▶ _Problem description_:
Repeat each entry as written, dropping any picture you find.

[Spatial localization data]
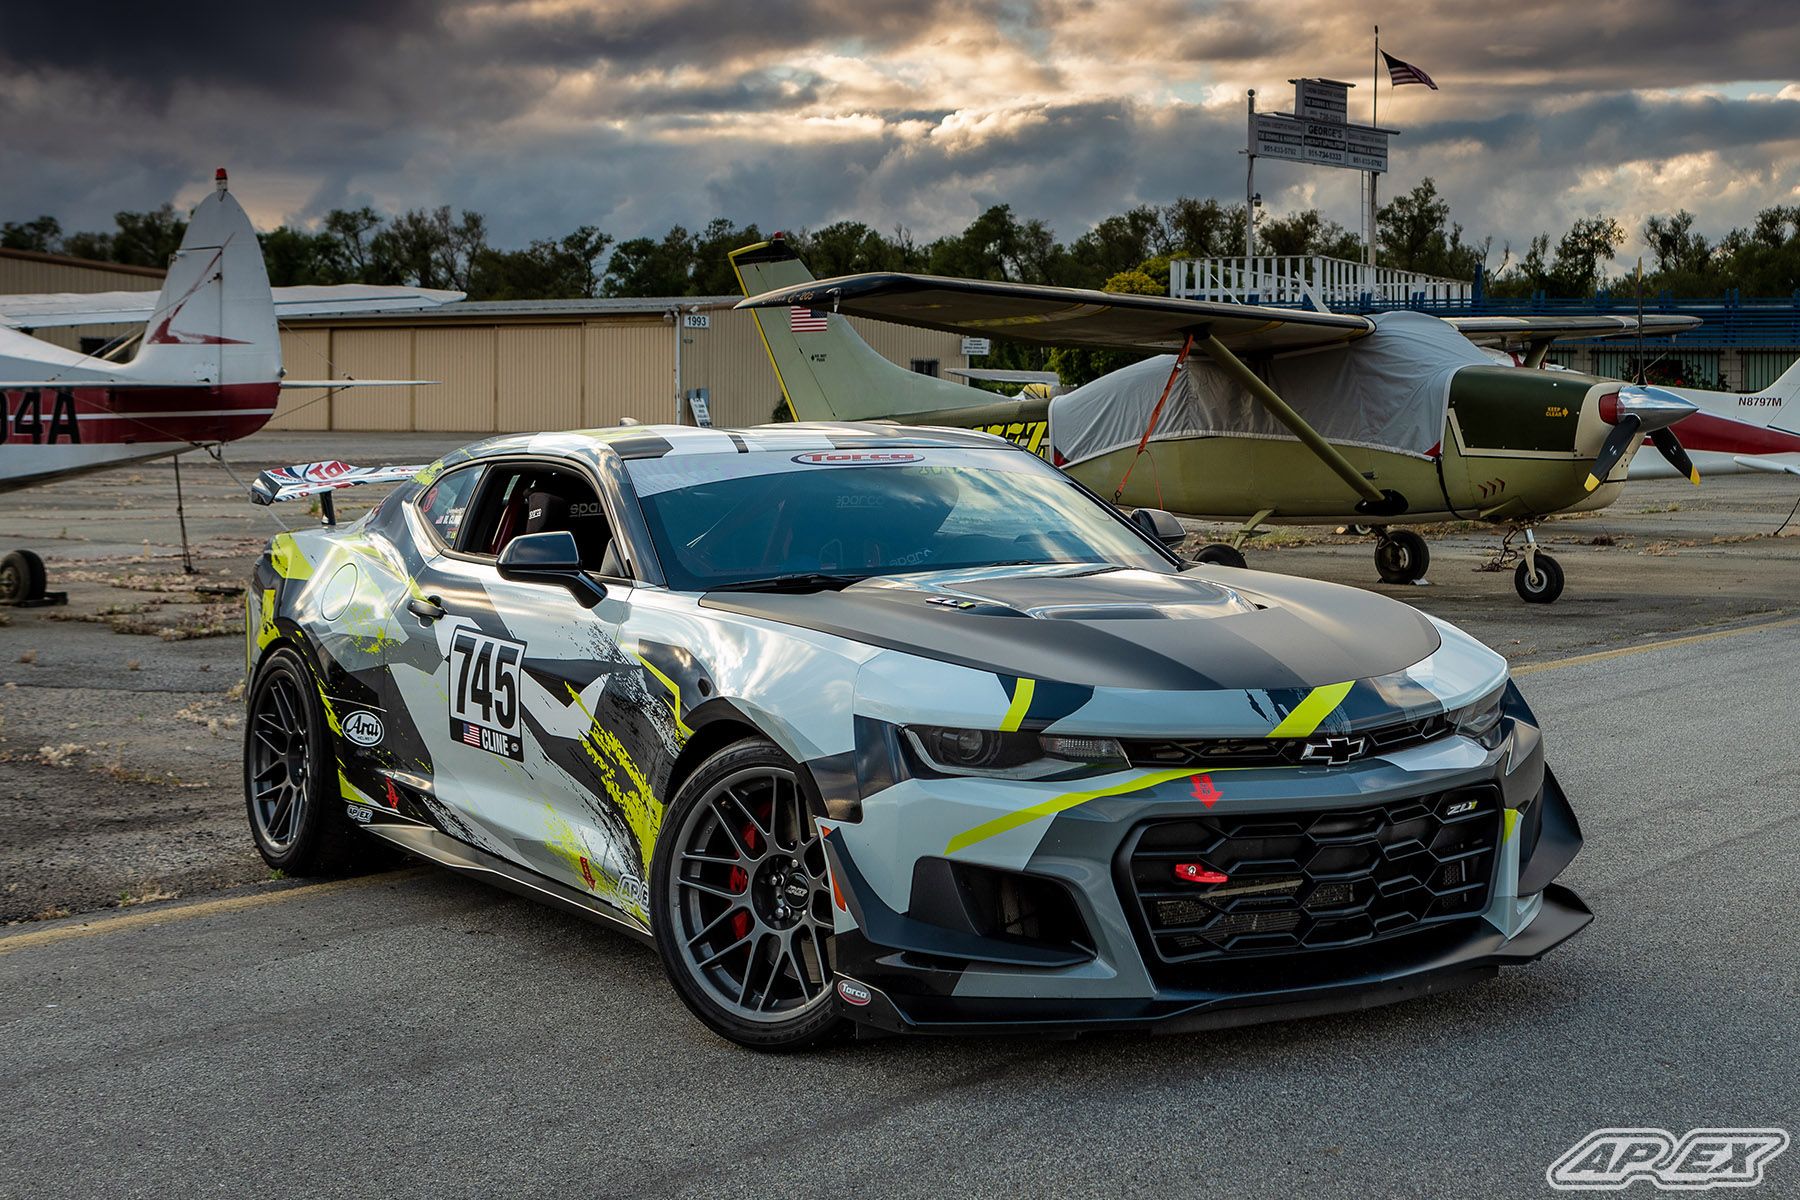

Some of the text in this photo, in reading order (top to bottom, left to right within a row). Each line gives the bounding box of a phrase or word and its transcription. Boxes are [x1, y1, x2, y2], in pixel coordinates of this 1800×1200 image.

[1309, 124, 1342, 139] GEORGE'S
[688, 316, 706, 326] 1993
[1738, 396, 1782, 407] N8797M
[805, 452, 914, 462] Torco
[453, 634, 519, 730] 745
[346, 715, 380, 737] Arai
[481, 728, 509, 756] CLINE
[842, 983, 868, 999] Torco

▶ _Reply_:
Some of the text in this photo, in reading order (top to bottom, left to right within a row). Each line gives the bounding box of a phrase or word and its transcription. Boxes are [x1, y1, x2, y2], in pixel coordinates of this 1800×1200 image.

[1309, 124, 1342, 139] GEORGE'S
[688, 316, 706, 326] 1993
[1738, 396, 1782, 407] N8797M
[805, 452, 914, 462] Torco
[453, 634, 519, 730] 745
[346, 715, 380, 737] Arai
[481, 728, 509, 756] CLINE
[842, 983, 868, 999] Torco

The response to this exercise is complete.